■ **What the exercise asks**: Copy out the records below exactly as they appear.

Records from a data source
Start of Block

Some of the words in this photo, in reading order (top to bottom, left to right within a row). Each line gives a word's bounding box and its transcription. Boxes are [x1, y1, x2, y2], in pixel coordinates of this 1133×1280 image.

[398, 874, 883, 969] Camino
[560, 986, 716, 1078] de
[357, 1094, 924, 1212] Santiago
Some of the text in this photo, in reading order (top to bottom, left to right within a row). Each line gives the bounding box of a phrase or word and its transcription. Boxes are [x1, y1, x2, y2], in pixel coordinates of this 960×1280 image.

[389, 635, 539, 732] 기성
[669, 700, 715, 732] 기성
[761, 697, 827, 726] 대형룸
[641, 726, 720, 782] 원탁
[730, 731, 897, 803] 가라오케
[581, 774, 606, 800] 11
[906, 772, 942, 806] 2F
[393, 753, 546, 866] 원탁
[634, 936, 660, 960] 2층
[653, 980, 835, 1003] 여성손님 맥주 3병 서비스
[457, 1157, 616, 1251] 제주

End of Block

■ **Answer box**:
Some of the words in this photo, in reading order (top to bottom, left to right within a row). Each line gives a word's bounding box and its transcription. Boxes are [x1, y1, x2, y2], in pixel coordinates of this 1133×1280 image.

[398, 874, 883, 969] Camino
[560, 986, 716, 1078] de
[357, 1094, 924, 1212] Santiago
Some of the text in this photo, in reading order (top to bottom, left to right within a row). Each line gives the bounding box of a phrase or word and its transcription. Boxes are [x1, y1, x2, y2], in pixel coordinates of this 960×1280 image.

[389, 635, 539, 732] 기성
[669, 700, 715, 732] 기성
[761, 697, 827, 726] 대형룸
[641, 726, 720, 782] 원탁
[730, 731, 897, 803] 가라오케
[581, 774, 606, 800] 11
[906, 772, 942, 806] 2F
[393, 753, 546, 866] 원탁
[634, 936, 660, 960] 2층
[653, 980, 835, 1003] 여성손님 맥주 3병 서비스
[457, 1157, 616, 1251] 제주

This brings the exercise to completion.